Excerpted records -
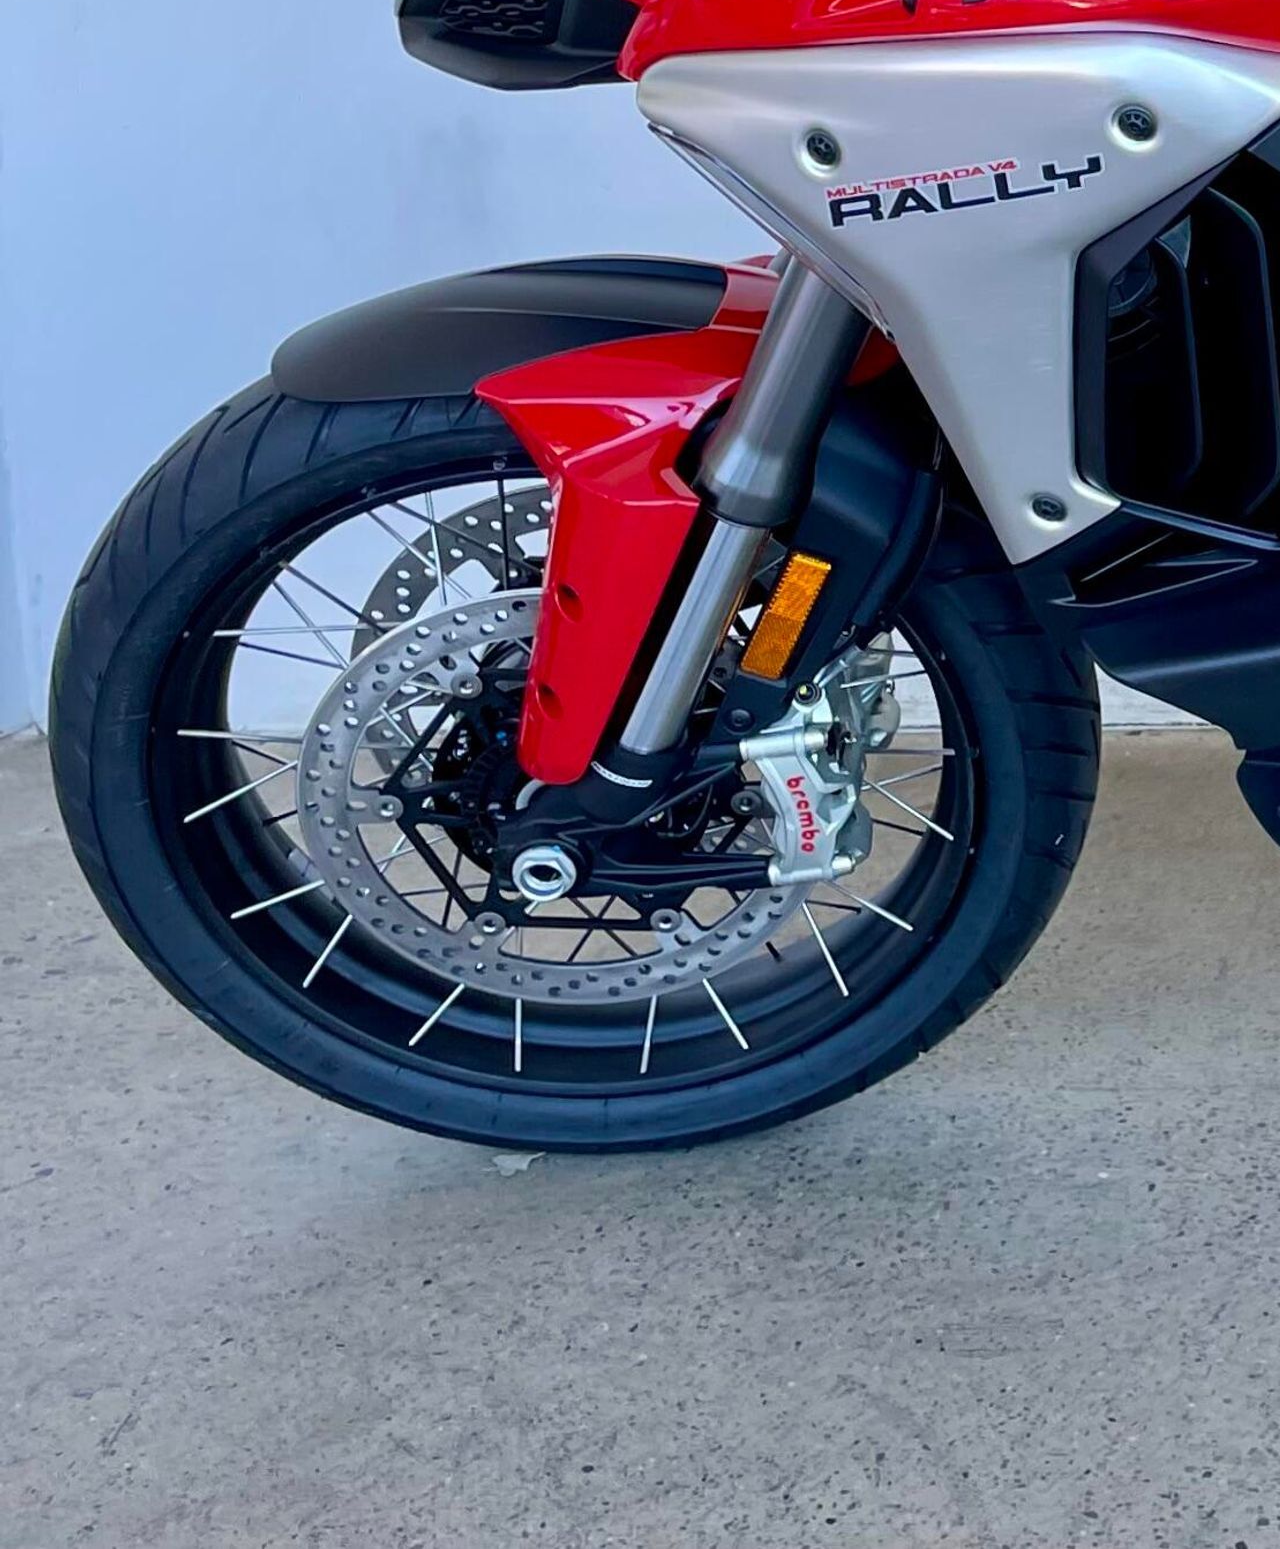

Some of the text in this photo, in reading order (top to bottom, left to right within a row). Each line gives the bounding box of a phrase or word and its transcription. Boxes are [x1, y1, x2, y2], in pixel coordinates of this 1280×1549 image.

[827, 160, 1017, 199] MULTISTRADA V4
[829, 155, 1101, 227] RALLY
[787, 776, 820, 852] brembo
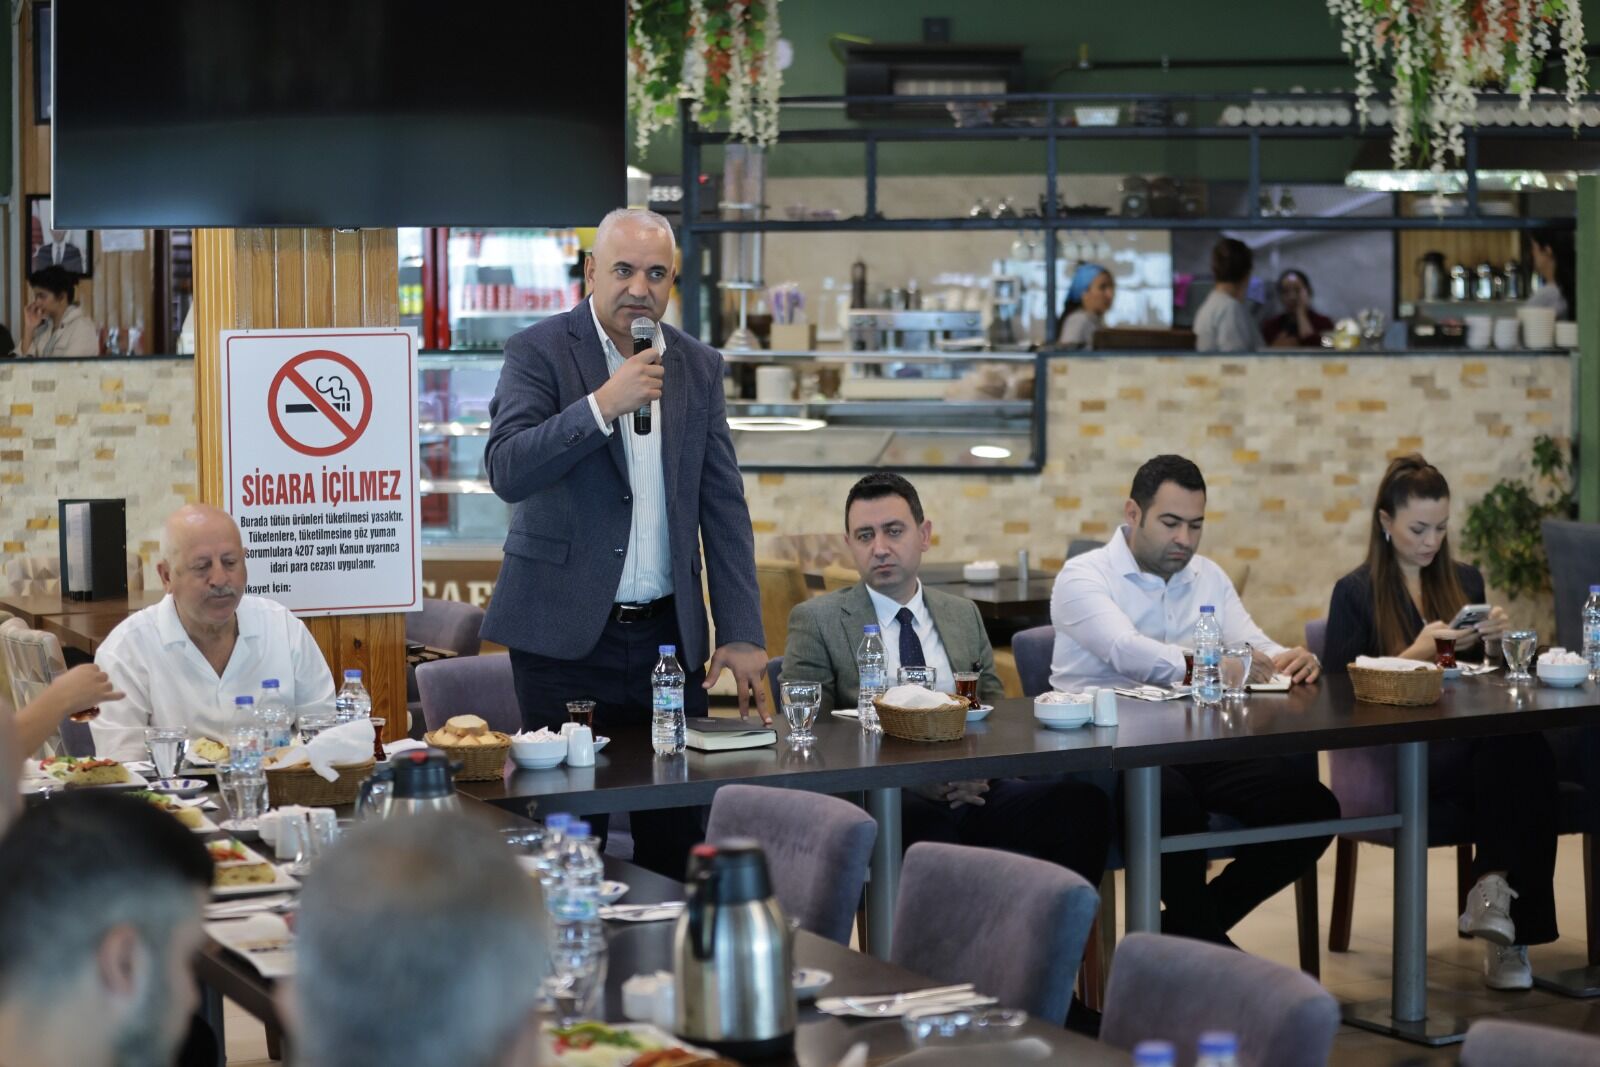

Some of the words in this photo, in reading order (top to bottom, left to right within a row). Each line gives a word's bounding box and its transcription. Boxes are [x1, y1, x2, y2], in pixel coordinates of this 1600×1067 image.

[242, 467, 316, 507] SİGARA
[322, 464, 402, 508] İÇİLMEZ
[240, 516, 268, 528] Burada
[270, 514, 291, 527] tütün
[292, 513, 324, 526] ürünleri
[325, 511, 369, 524] tüketilmesi
[371, 510, 404, 523] yasaktır.
[248, 529, 297, 543] Tüketenlere,
[299, 526, 352, 541] tüketilmesine
[354, 527, 368, 542] göz
[370, 527, 396, 540] yuman
[294, 545, 315, 556] 4207
[316, 543, 337, 557] sayılı
[339, 543, 364, 555] Kanun
[366, 543, 400, 555] uyarınca
[290, 561, 308, 574] para
[310, 559, 336, 572] cezası
[337, 558, 376, 572] uygulanır.
[272, 582, 291, 594] İçin:
[422, 579, 497, 607] AF

Exercise requirements - Please output the full listing above exactly, minus any pictures.

Answer to this exercise -
Some of the text in this photo, in reading order (top to bottom, left to right within a row). Each line gives the bounding box of a phrase or word and its transcription. Boxes are [x1, y1, x2, y2], in pixel coordinates of this 1280×1549 image.

[827, 160, 1017, 199] MULTISTRADA V4
[829, 155, 1101, 227] RALLY
[787, 776, 820, 852] brembo

Some of the words in this photo, in reading order (top to bottom, left to right within a row). Each line gives a word's bounding box and its transcription. Boxes are [x1, y1, x2, y2], in pixel coordinates of this 1600×1067 image.

[242, 467, 316, 507] SİGARA
[322, 464, 402, 508] İÇİLMEZ
[240, 516, 268, 528] Burada
[270, 514, 291, 527] tütün
[292, 513, 324, 526] ürünleri
[325, 511, 369, 524] tüketilmesi
[371, 510, 404, 523] yasaktır.
[248, 529, 297, 543] Tüketenlere,
[299, 526, 352, 541] tüketilmesine
[354, 527, 368, 542] göz
[370, 527, 396, 540] yuman
[294, 545, 315, 556] 4207
[316, 543, 337, 557] sayılı
[339, 543, 364, 555] Kanun
[366, 543, 400, 555] uyarınca
[290, 561, 308, 574] para
[310, 559, 336, 572] cezası
[337, 558, 376, 572] uygulanır.
[272, 582, 291, 594] İçin:
[422, 579, 497, 607] AF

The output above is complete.